Per aggiornare la memoria al candidato sindaco, riportiamo un altro caso, dedotto dalle cronache giudiziarie. Siamo nel 2001, sempre assessore all’urbanistica Alessandro Andreatta. L’oggetto del contendere è un condominio in via Marsala, costruito, secondo i confinanti, al di fuori delle norme, e con un’altezza eccessiva. Anche qui il punto di partenza dell’inghippo è il piano quotato. Leggiamo cosa ne dice il Consulente Tecnico d’Ufficio (CTU) ing. Giovanni Dolzani nella perizia commissionatagli dal Tribunale: "Il rilievo dello stato di fatto è del tutto privo di quote… le curve di livello mancano di quotatura… le altre tavole progettuali non contengono indicazioni sull’andamento del profilo originario del terreno". Conclusione: "La documentazione in atti non consente di ricostruire il profilo del terreno originario". E grazie a questo inghippo si può fare un po’ quello che si vuole.

La tabella sulle quote del terreno redatta dal geom. Saltori. Si noti come i punti degli spigoli dell’edificio abbiano tutti, inspiegabilmente, la stessa quota al decimo di millimetro.
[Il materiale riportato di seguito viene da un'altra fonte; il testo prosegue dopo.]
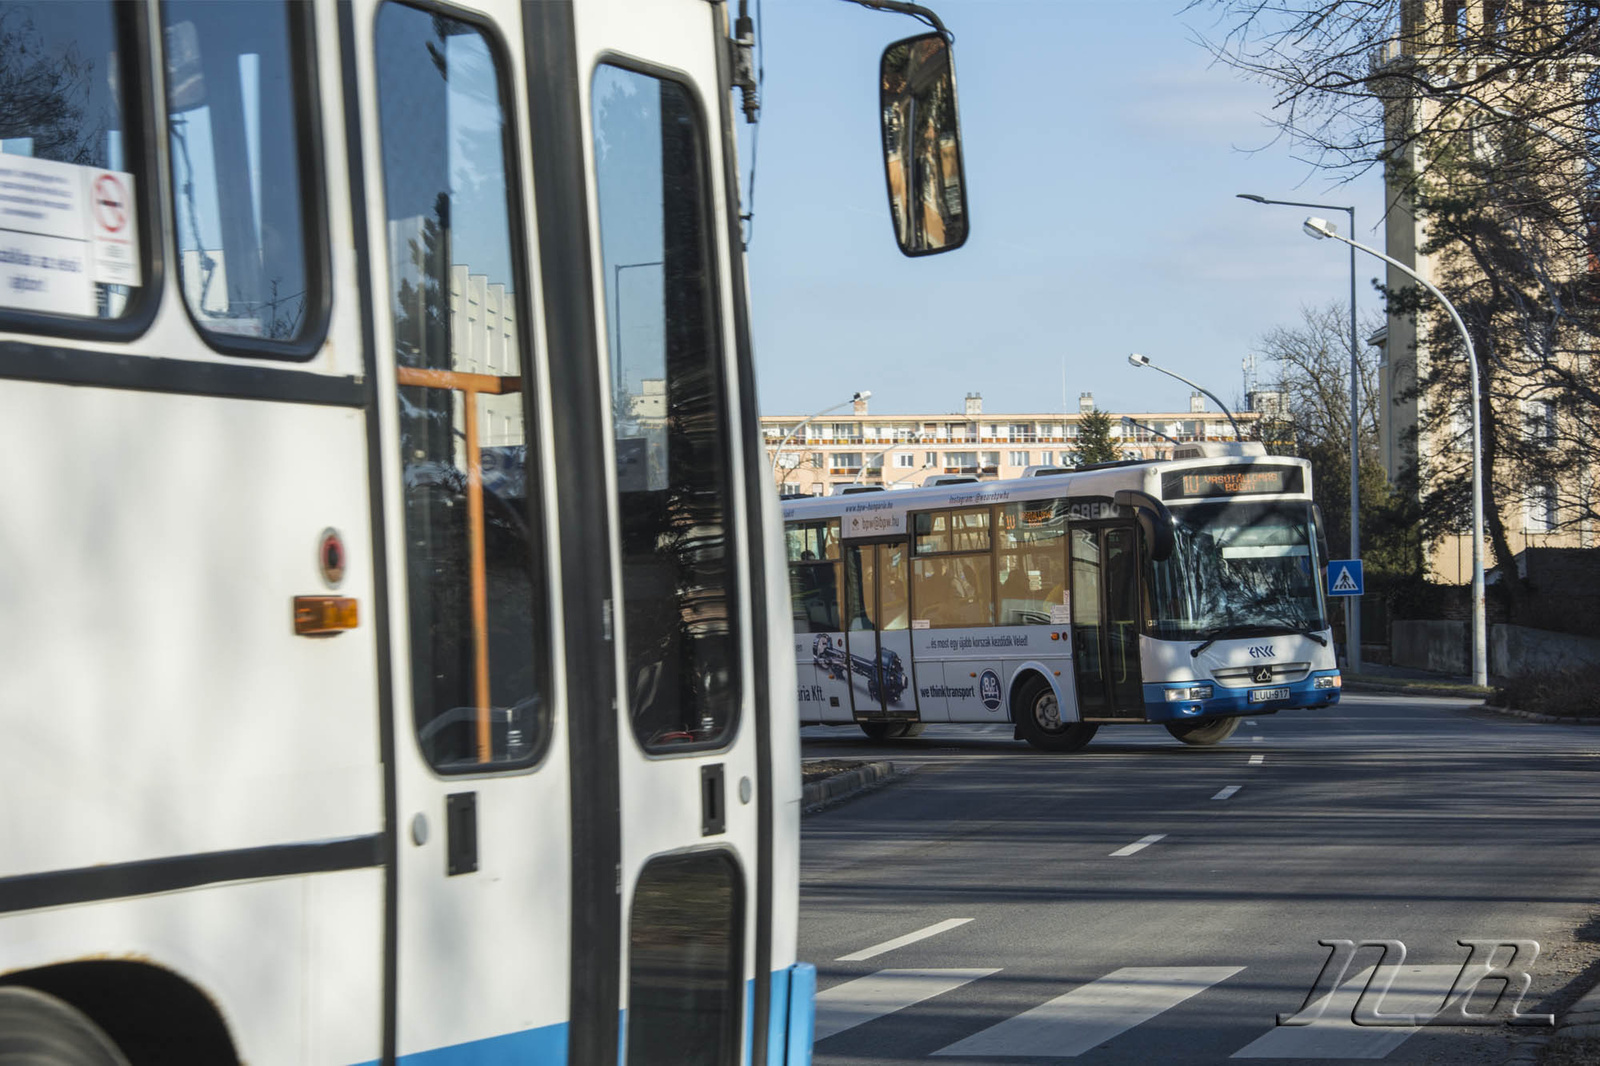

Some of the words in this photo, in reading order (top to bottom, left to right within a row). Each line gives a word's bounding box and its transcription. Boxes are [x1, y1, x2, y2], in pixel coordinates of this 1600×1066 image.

Commenta il consulente di parte ing. Ettore Bonetti: "Il progetto è stato approvato dal Comune di Trento pur con queste lacune di una gravità inaudita (sottolineatura nel testo, n.d.r.) che è difficile ritenere frutto di omissioni dovute a distrazioni. Tutti i tecnici sanno che il Comune pretende che in ogni progetto sia presente il rilievo quotato del terreno in una apposita planimetria e che sulle sezioni sia riportato, con linea tratteggiata, il profilo di detto terreno. Questa doppia "anomalia" – del progetto presentato con gravi lacune e della sua approvazione - avrebbe richiesto, a mio avviso, un’indagine conoscitiva presso i competenti Uffici comunali e presso il progettista dell’opera". Indagine che nessuno ha svolto. Al Comune di Trento si lavora così.

Ma non è finita. Al Comune spetta il compito, ad inizio lavori, di rilevare le quote del terreno in corrispondenza degli spigoli del fabbricato da costruire. Il tecnico incaricato, geom. Marco Saltori, firma il rilievo in data 3 luglio 2001, sei mesi dopo l’effettivo inizio lavori. Come fa a rilevare il terreno preesistente, dopo che l’impresa ha già iniziato a far lavorare le ruspe? Vogliamo pensare che la data di presentazione sia posteriore al rilievo, effettuato prima dell’inizio lavori. Ma ecco un’altra anomalia: le quote sono irrealistiche, strampalate, tutte uguali, al decimo di millimetro (alleghiamo la fotocopia della tabella di Saltori), neanche il terreno fosse piano e liscio come un biliardo, mentre, come sa chiunque sia passato da quelle parti, da via Marsala in dentro è discesa. Insomma il Comune non solo approva progetti senza quote, ma quando deve quotare lui, fornisce cifre di pura fantasia, non frutto di rilievi, ma di grotteschi "aggiustamenti" successivi.

Questo l’andazzo, il "marcio in comune". Che dobbiamo aspettarci dall’assessore responsabile, ora sindaco reggente? Più volte avvertito di cosa sta avvenendo, ha sempre negato tutto, e ha ancora da concludere le sue "inchieste". E’ proprio il caso di affidargli la città?